Reading Large Files (chunksize, nrows, skiprows)
When a file is too large to fit in memory, or you only need a sample, these parameters help.
Preview the first N rows
# Load only the first 1,000 rows for exploration
df_sample = pd.read_csv("big_file.csv", nrows=1000)Stream in chunks
# Process 100,000 rows at a time
chunk_iter = pd.read_csv("big_file.csv", chunksize=100_000)
results = []
for chunk in chunk_iter:
filtered = chunk[chunk["status"] == "active"]
results.append(filtered)
df = pd.concat(results, ignore_index=True)Skip rows
# Skip the first 5 rows (e.g., metadata or comments)
df = pd.read_csv("data.csv", skiprows=5)
# Skip specific rows by index
df = pd.read_csv("data.csv", skiprows=[0, 2, 4])
# Skip rows using a condition (skip all odd rows)

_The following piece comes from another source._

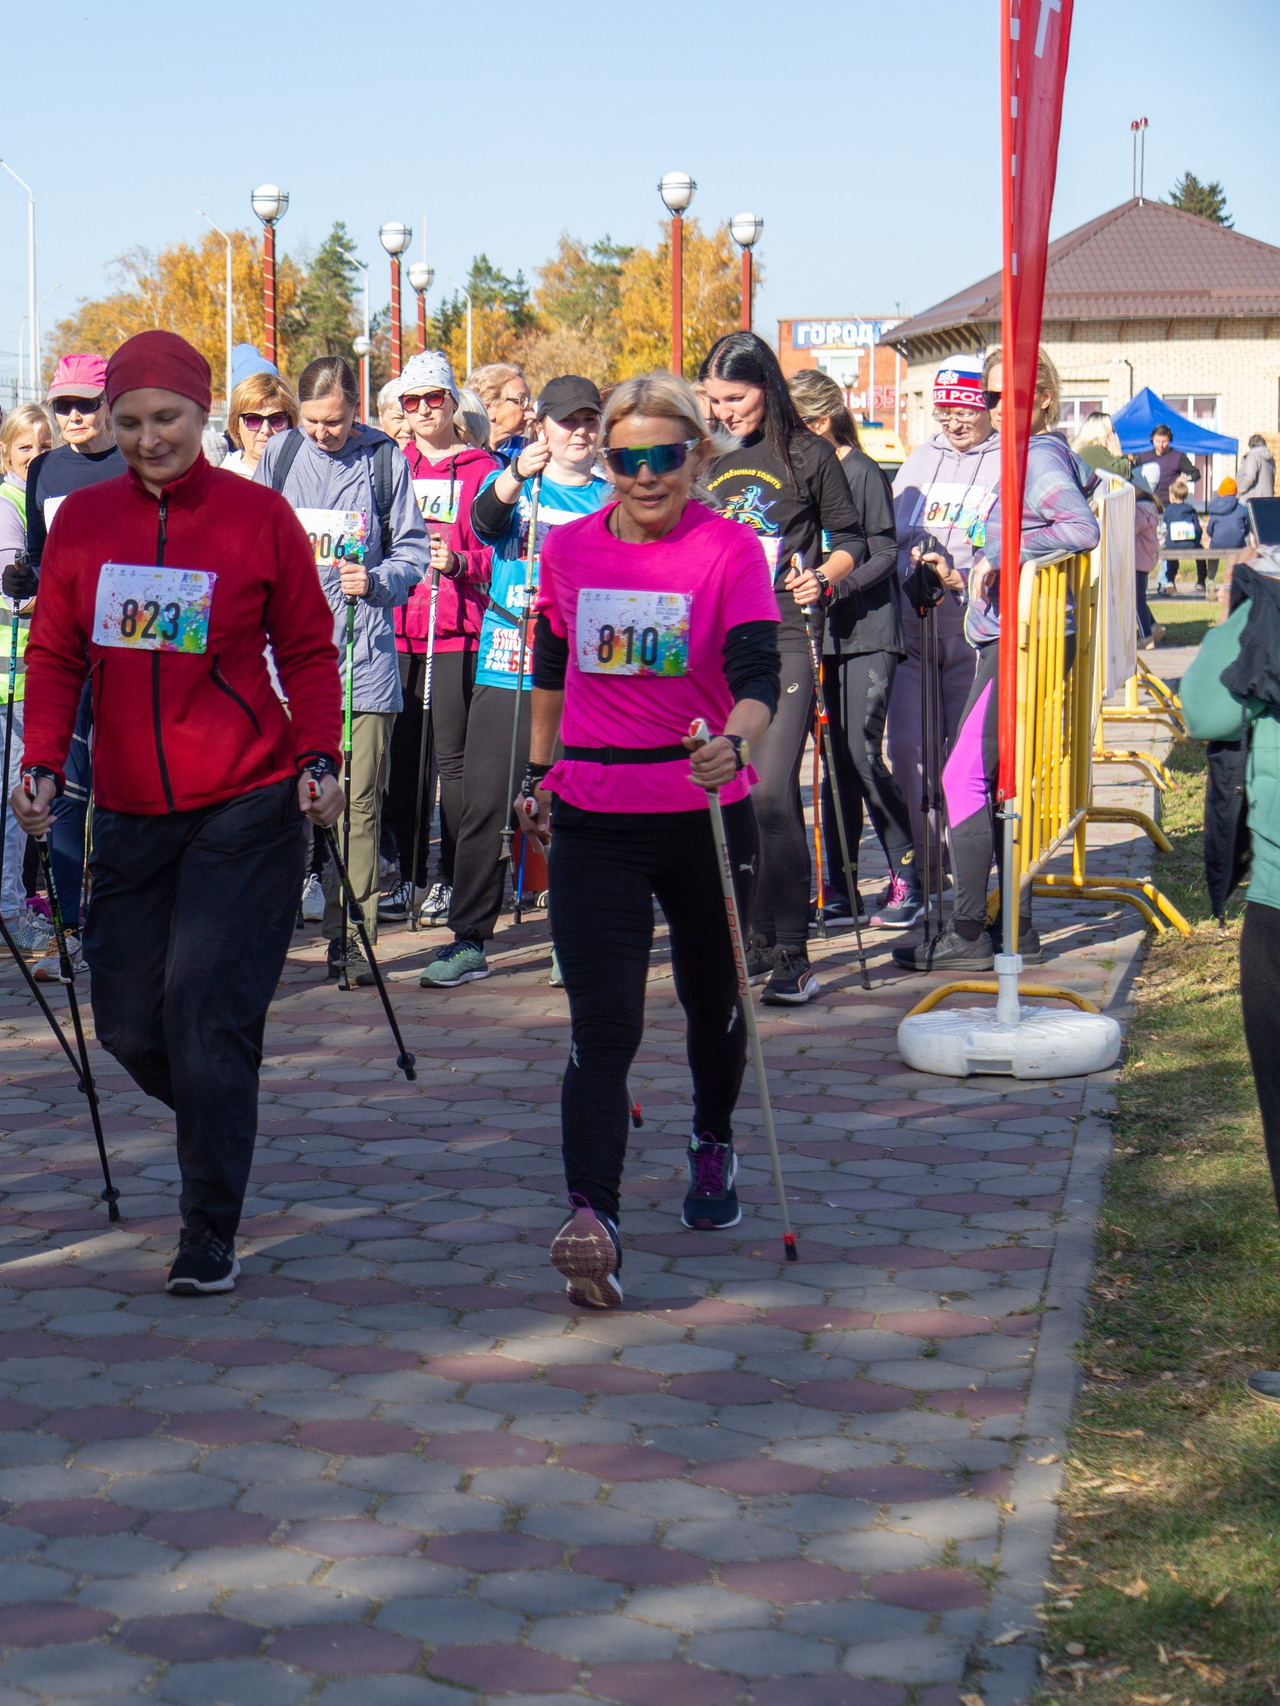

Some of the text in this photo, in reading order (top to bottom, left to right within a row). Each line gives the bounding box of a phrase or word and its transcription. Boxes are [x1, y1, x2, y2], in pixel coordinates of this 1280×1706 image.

[797, 323, 874, 346] ГОРОД
[121, 598, 181, 640] 823
[597, 624, 659, 666] 810
[724, 896, 749, 996] PASSION

df = pd.read_csv("data.csv", skiprows=lambda i: i > 0 and i % 2 == 1)Combined strategy for very large files
df = pd.read_csv(
"huge_file.csv",
usecols=["user_id", "event", "timestamp"],
dtype={"user_id": "int32", "event": "category"},
parse_dates=["timestamp"],
engine="pyarrow",
dtype_backend="pyarrow",
)Engine Selection: C vs Python vs PyArrow
Pandas offers three parsing engines, each with different tradeoffs.
Performance Comparison
| Engine | Speed | Memory | Regex sep | Auto-detect sep | PyArrow dtypes | Best For |
|---|---|---|---|---|---|---|
'c' (default) | Fast | Moderate | No | No | No | Standard CSV files |
'python' | Slow | High | Yes | Yes | No | Irregular formats, regex delimiters |
'pyarrow' | Fastest | Low | No | No | Yes | Large files, Pandas 2.0+ |
Benchmark: 1 GB CSV file with 10 million rows
| Engine + Configuration | Load Time | Peak Memory |
|---|---|---|
engine='c' (default) | 18.2s | 3.8 GB |
engine='c' + dtype specified | 14.6s | 2.9 GB |
engine='pyarrow' | 6.1s | 2.4 GB |
engine='pyarrow' + dtype_backend='pyarrow' | 5.3s | 1.6 GB |
The PyArrow engine is the best choice for most workloads in 2026. It requires pyarrow to be installed (pip install pyarrow).
# Fastest configuration for large files
df = pd.read_csv(
"large_data.csv",
engine="pyarrow",
dtype_backend="pyarrow",
)Note: The PyArrow engine does not support all parameters. Specifically, it does not support converters, on_bad_lines='warn', regex sep, or skipfooter. Fall back to the C or Python engine when you need those features.
Reading Compressed Files
Pandas can read compressed CSV files directly without manual decompression. By default, it infers the compression from the file extension.
# Gzip -- most common for large CSV files
df = pd.read_csv("data.csv.gz")
# Zip archive (reads the first file inside the archive)
df = pd.read_csv("data.zip")
# Bzip2
df = pd.read_csv("data.csv.bz2")
# Zstandard (fast compression/decompression)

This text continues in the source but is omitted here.